These dreams of mine and the long list of complicated thoughts seem to plague my mind as I walk. In some cases, if my thoughts betray me; what I mean is if my thoughts switch to something uncomfortable—I walk faster, allowing the burn in my legs to act as a way to distract myself. Meanwhile, I have built up a good sweat. By now, at least two or three pounds have melted from my body.
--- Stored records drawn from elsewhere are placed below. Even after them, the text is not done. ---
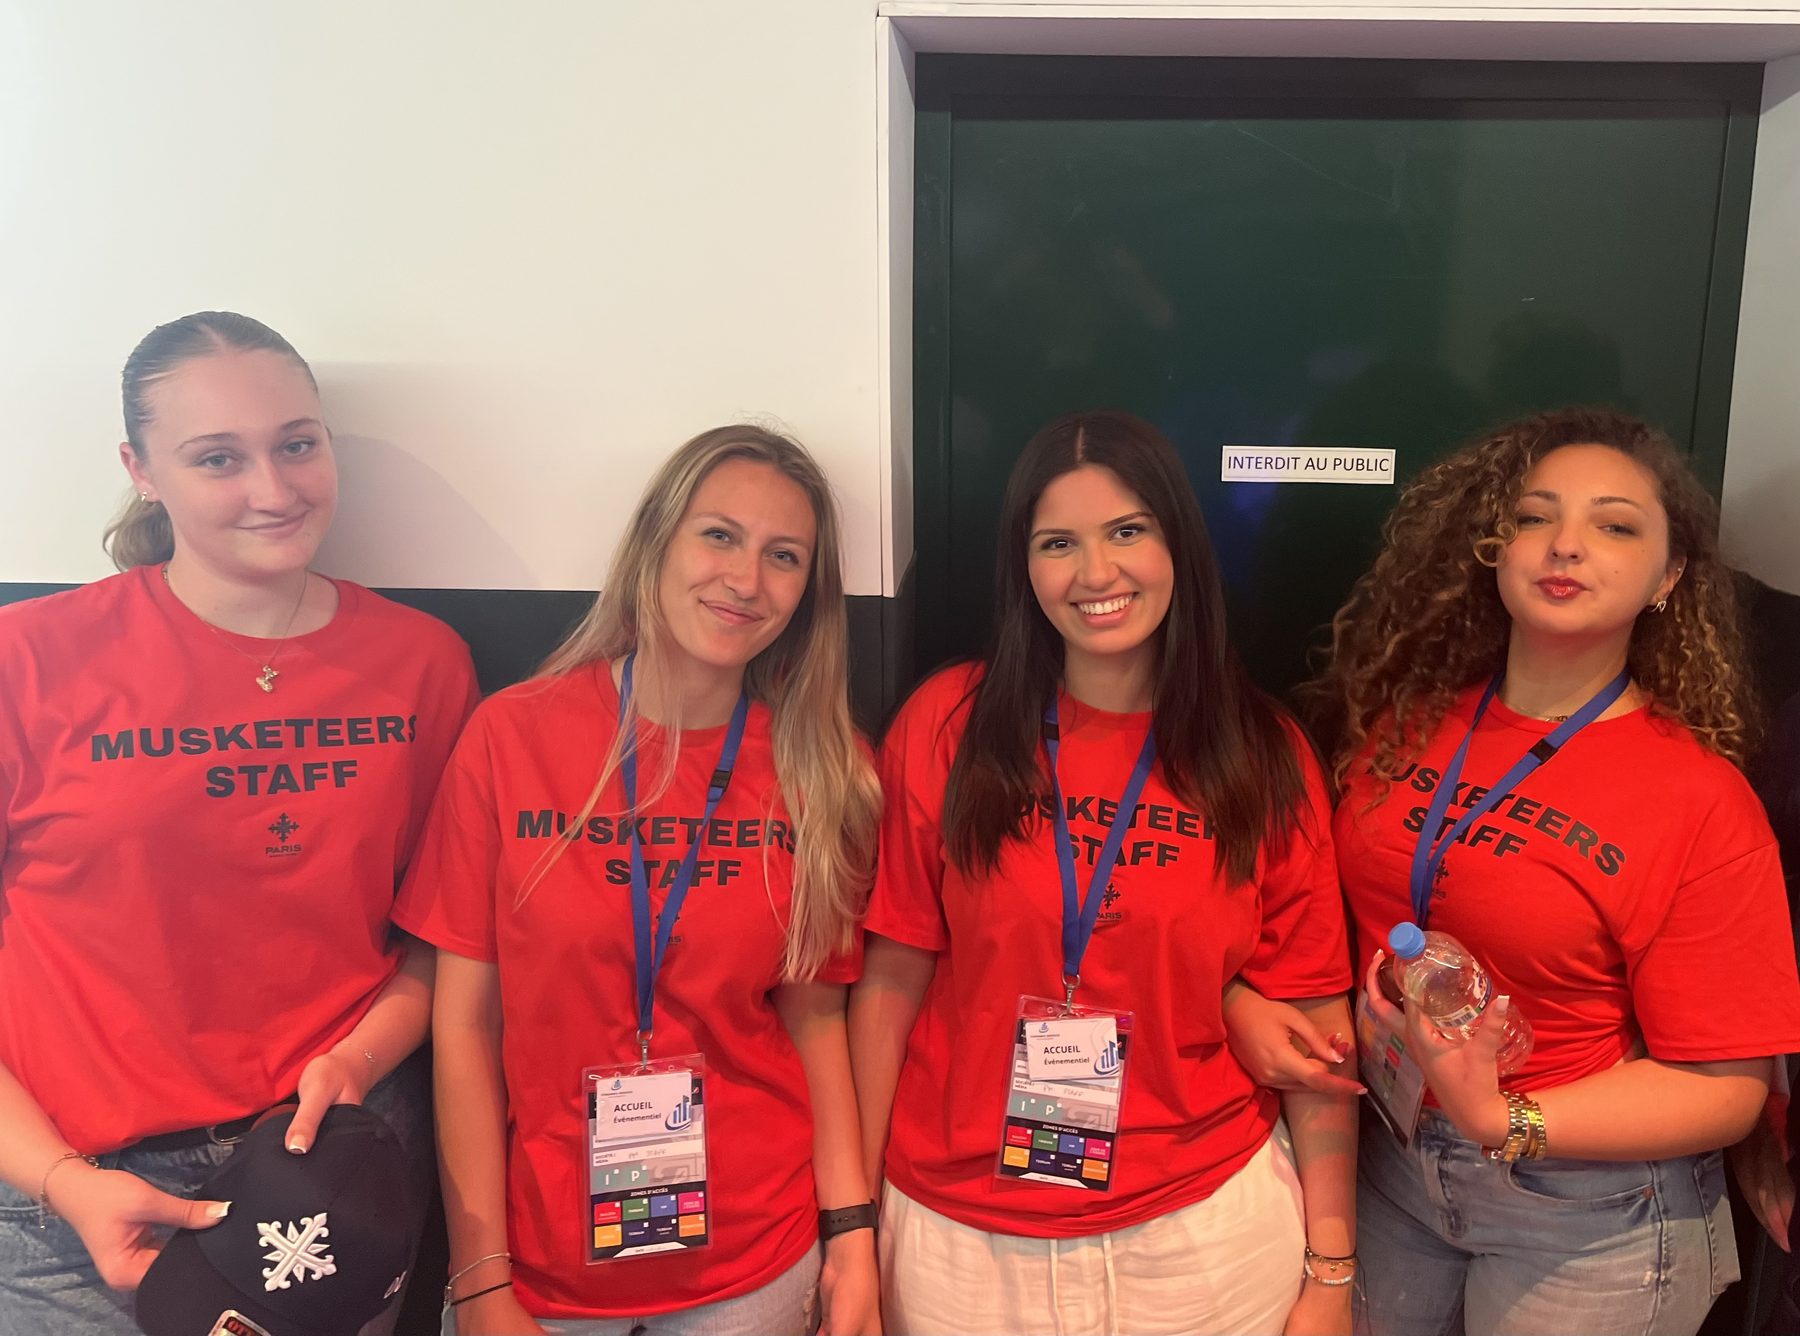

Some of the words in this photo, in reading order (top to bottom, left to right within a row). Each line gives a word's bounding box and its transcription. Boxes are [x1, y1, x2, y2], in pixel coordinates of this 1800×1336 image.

[1228, 456, 1300, 470] INTERDIT
[1304, 457, 1328, 471] AU
[1333, 458, 1390, 472] PUBLIC
[206, 759, 358, 798] STAFF
[265, 844, 301, 855] PARIS
[1043, 1045, 1081, 1054] ACCUEIL
[1044, 1057, 1090, 1065] Événementiel
[613, 1101, 653, 1112] ACCUEIL
[1045, 1104, 1054, 1116] P
[613, 1112, 662, 1124] Événementiel
[631, 1170, 640, 1181] P
Turning on Haverstraw, I walk passed some of the tall homes. I pass over Old Route 202 and continue my heavy footsteps until I reach the other end of Spook Rock. I am breathing heavy now—almost home, but home is not really my goal. Above and beyond my safe return; I walk with the strict intention that I will reach my goal weight. I walk quickly to open my lungs and start the heart moving quicker and quicker.
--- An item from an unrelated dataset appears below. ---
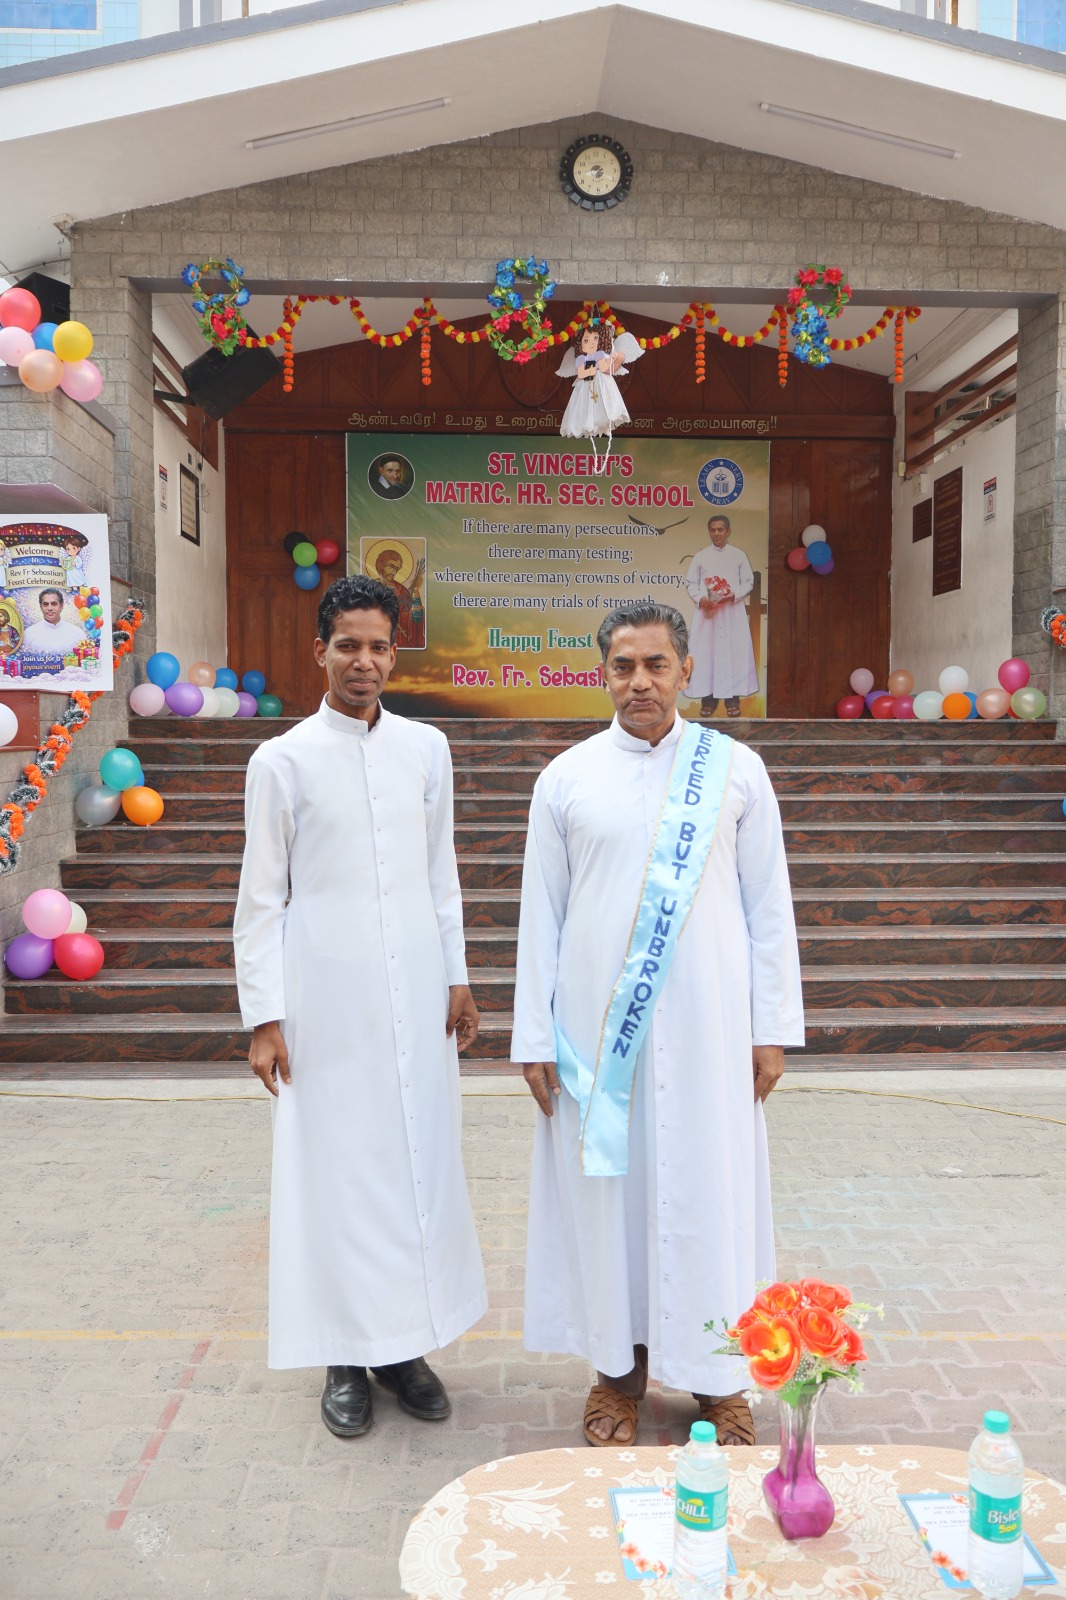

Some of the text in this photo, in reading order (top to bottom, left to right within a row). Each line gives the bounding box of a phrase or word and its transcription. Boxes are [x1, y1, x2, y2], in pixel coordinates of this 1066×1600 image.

I have lost close t0 40lbs . . .

Same as heroin or any drug, or mind-expanding experience; I view food as an addiction. It too has a withdrawal process. I am tired. I am irritable. I am hungry, but the foods I eat sound so much less satisfying than say, Buffalo chicken slices of pizza with blue-cheese dressing drooling and dripping from a folded slice as it enters my mouth.

I am currently eating much differently now than ever before. I eat healthy. I stay away from breads and carbs. I stick with lean meats and proteins. I do not allow myself a cheat day as I have learned that addictions are not solved by having cheat days. Same as I understand I cannot drink; I also understand that I need to stay away from certain foods. And that’s fine. My stomach is closer to flat. I do not have abs yet—but I am working at this. My knees hurt much less than when I weighed more than 215lbs. My face is thinner. I look much younger (or so I’m told) and nearly each morning, the same elderly woman greets me as I walk into work with a smile. She tells me, “You lost so much weight,” with a big, denture filled smile.
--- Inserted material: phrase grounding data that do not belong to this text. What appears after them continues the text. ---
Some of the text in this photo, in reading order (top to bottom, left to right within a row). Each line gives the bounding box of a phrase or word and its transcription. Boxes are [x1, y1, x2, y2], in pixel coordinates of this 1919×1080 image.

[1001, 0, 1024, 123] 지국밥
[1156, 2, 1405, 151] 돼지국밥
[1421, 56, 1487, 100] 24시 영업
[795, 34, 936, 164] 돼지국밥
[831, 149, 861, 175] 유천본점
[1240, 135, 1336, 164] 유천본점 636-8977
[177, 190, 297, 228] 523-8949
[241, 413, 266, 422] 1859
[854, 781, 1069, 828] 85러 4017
After a three mile route; I reach home. I walk through the door and undress in the laundry room. I place my sweat-filled clothes in the washing machine and then head upstairs to shower. I weigh myself—which is not something I always enjoy. There are times when I work so hard, but yet, I see little to no results. The scale is an honestly cruel invention. It has no regard for good new or bad. A scale is nothing more than an exclamation point to a guy like me.

This is a record of my morning. Whether this walk hurts or not; I have come to depend on it. I depend on this walk because it helps me unravel from the madness in my head and purge the toxins that ruin my body.

You should try a walk like this sometime
and don’t tell me you can’t do it
because if I can do it

So can you . . .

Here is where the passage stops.